Exercise: The answer must repeat every record exactly, with no pictures in it.

Stored data

==========

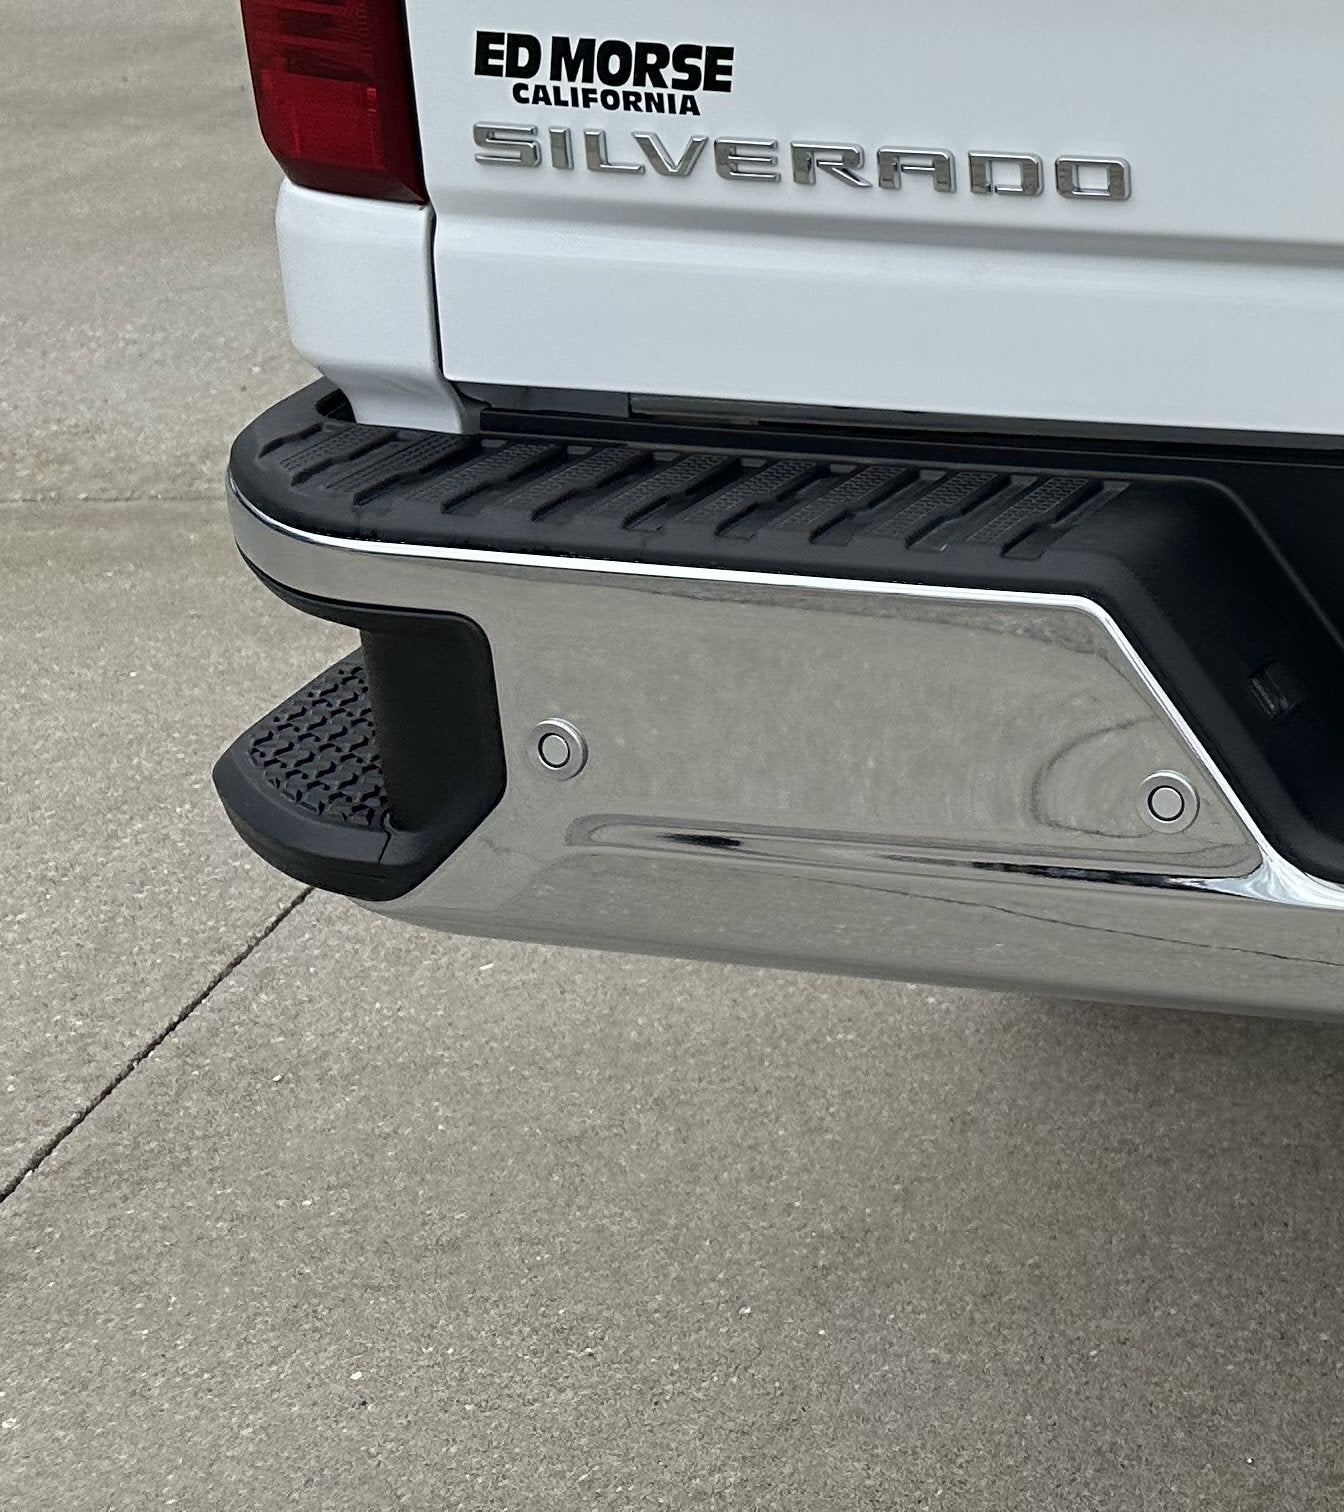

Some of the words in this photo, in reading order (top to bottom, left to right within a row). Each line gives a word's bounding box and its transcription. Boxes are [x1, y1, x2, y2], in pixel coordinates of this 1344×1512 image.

[474, 31, 542, 79] ED
[551, 36, 734, 92] MORSE
[512, 84, 701, 116] CALIFORNIA
[473, 122, 1131, 200] SILVERADO

==========

Result for this exercise:
Some of the words in this photo, in reading order (top to bottom, left to right within a row). Each line gives a word's bounding box and its transcription. Boxes are [x1, y1, x2, y2], in pixel coordinates of this 1344×1512 image.

[474, 31, 542, 79] ED
[551, 36, 734, 92] MORSE
[512, 84, 701, 116] CALIFORNIA
[473, 122, 1131, 200] SILVERADO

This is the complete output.